▸ What the task requires
Please restate each line of the material word for word and omit any pictures.

▸ Material for the task
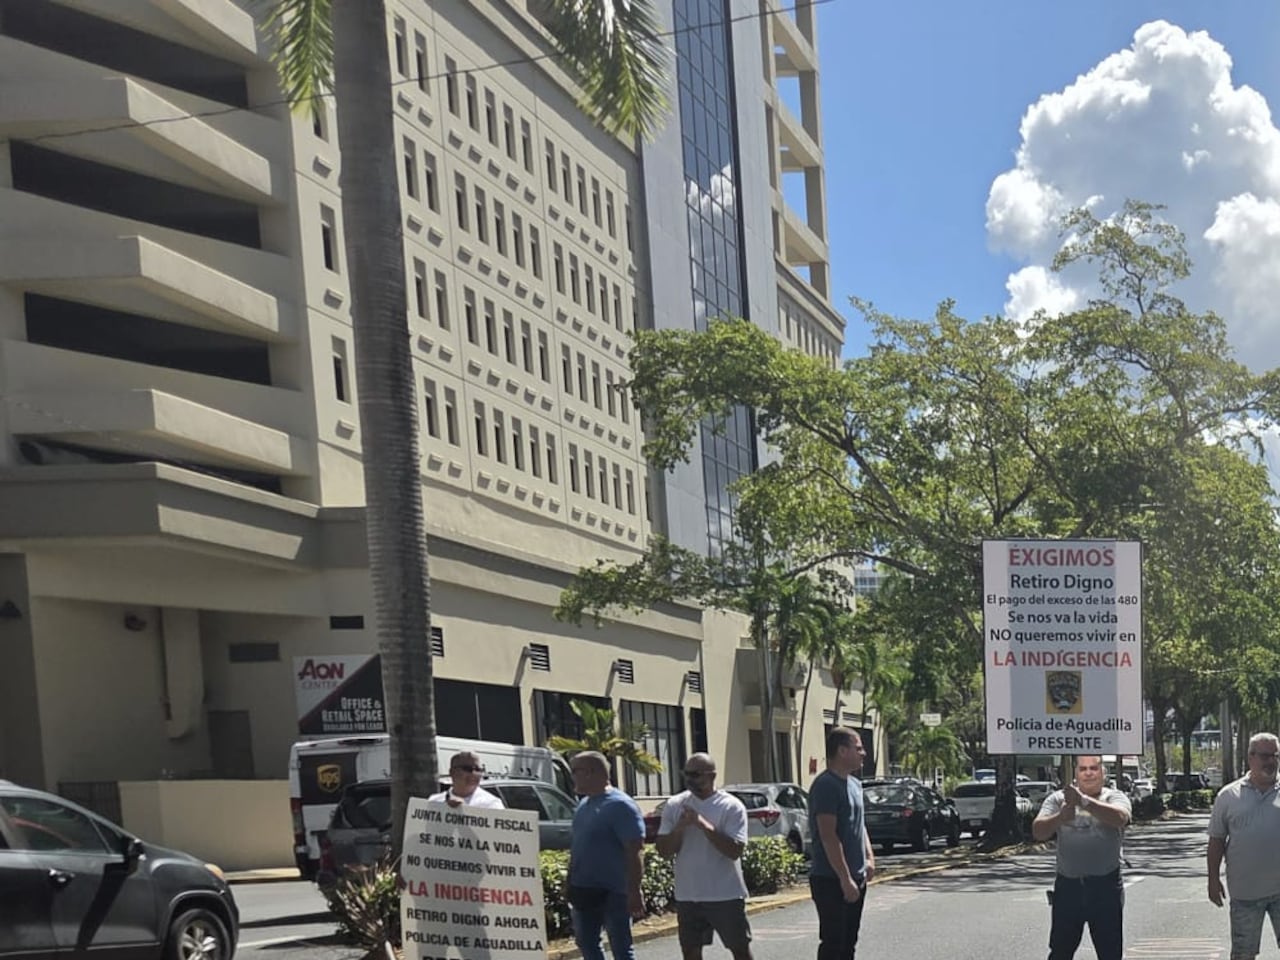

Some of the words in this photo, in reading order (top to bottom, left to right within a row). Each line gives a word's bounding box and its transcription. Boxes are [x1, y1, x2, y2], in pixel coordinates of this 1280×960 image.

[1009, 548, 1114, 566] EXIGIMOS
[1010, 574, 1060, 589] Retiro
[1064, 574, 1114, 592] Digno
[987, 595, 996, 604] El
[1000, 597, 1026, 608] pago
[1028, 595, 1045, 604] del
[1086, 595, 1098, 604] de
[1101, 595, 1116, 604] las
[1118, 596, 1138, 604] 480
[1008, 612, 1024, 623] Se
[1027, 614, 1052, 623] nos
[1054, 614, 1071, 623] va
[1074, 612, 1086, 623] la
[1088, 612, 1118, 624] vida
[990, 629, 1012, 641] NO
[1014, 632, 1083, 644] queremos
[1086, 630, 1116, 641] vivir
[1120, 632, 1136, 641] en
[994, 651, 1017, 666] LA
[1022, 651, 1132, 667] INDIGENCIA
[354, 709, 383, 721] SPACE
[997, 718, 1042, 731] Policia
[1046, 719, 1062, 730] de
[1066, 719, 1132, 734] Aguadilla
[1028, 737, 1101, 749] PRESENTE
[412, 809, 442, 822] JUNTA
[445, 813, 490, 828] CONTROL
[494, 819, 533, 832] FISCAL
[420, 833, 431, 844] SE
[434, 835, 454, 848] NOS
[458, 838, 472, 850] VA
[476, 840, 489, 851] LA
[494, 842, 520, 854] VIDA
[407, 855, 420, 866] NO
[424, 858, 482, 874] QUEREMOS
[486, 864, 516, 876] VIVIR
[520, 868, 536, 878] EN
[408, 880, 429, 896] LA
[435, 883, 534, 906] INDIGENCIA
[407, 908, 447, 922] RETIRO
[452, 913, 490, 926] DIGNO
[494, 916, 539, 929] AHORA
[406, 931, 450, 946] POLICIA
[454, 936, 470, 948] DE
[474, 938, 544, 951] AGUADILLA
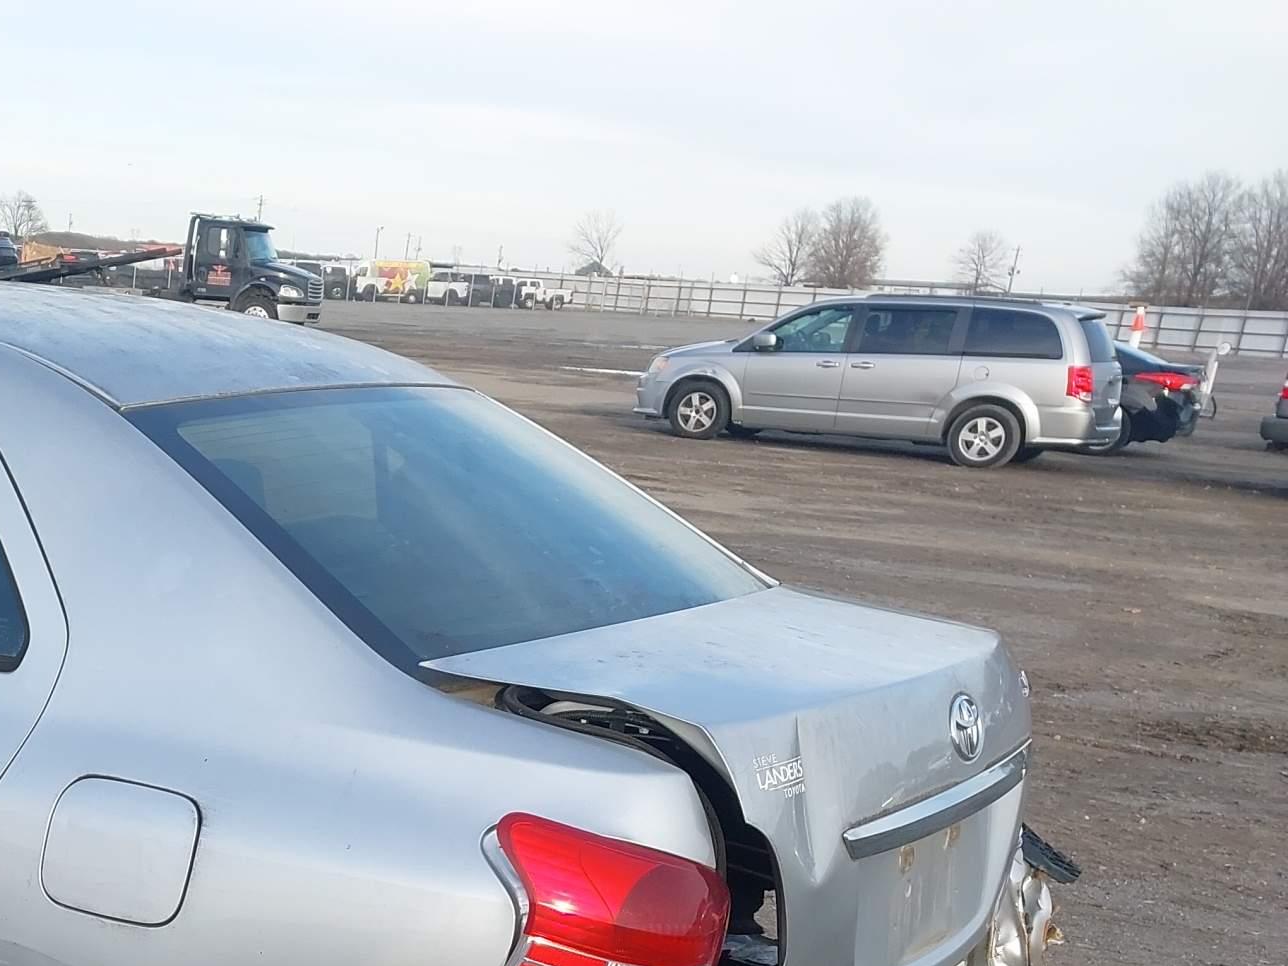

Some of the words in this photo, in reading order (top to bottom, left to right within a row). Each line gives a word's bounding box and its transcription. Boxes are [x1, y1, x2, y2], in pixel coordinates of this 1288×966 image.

▸ Answer for this exercise
Some of the words in this photo, in reading order (top to bottom, left to right within a row). Each line gives a word's bounding box and its transcription. Boxes are [x1, y1, x2, y2], in pixel coordinates of this 1280×960 image.

[1009, 548, 1114, 566] EXIGIMOS
[1010, 574, 1060, 589] Retiro
[1064, 574, 1114, 592] Digno
[987, 595, 996, 604] El
[1000, 597, 1026, 608] pago
[1028, 595, 1045, 604] del
[1086, 595, 1098, 604] de
[1101, 595, 1116, 604] las
[1118, 596, 1138, 604] 480
[1008, 612, 1024, 623] Se
[1027, 614, 1052, 623] nos
[1054, 614, 1071, 623] va
[1074, 612, 1086, 623] la
[1088, 612, 1118, 624] vida
[990, 629, 1012, 641] NO
[1014, 632, 1083, 644] queremos
[1086, 630, 1116, 641] vivir
[1120, 632, 1136, 641] en
[994, 651, 1017, 666] LA
[1022, 651, 1132, 667] INDIGENCIA
[354, 709, 383, 721] SPACE
[997, 718, 1042, 731] Policia
[1046, 719, 1062, 730] de
[1066, 719, 1132, 734] Aguadilla
[1028, 737, 1101, 749] PRESENTE
[412, 809, 442, 822] JUNTA
[445, 813, 490, 828] CONTROL
[494, 819, 533, 832] FISCAL
[420, 833, 431, 844] SE
[434, 835, 454, 848] NOS
[458, 838, 472, 850] VA
[476, 840, 489, 851] LA
[494, 842, 520, 854] VIDA
[407, 855, 420, 866] NO
[424, 858, 482, 874] QUEREMOS
[486, 864, 516, 876] VIVIR
[520, 868, 536, 878] EN
[408, 880, 429, 896] LA
[435, 883, 534, 906] INDIGENCIA
[407, 908, 447, 922] RETIRO
[452, 913, 490, 926] DIGNO
[494, 916, 539, 929] AHORA
[406, 931, 450, 946] POLICIA
[454, 936, 470, 948] DE
[474, 938, 544, 951] AGUADILLA

Some of the words in this photo, in reading order (top to bottom, left to right within a row). Each line gives a word's bounding box and its transcription. Boxes are [x1, y1, x2, y2], in pixel coordinates of this 1288×966 image.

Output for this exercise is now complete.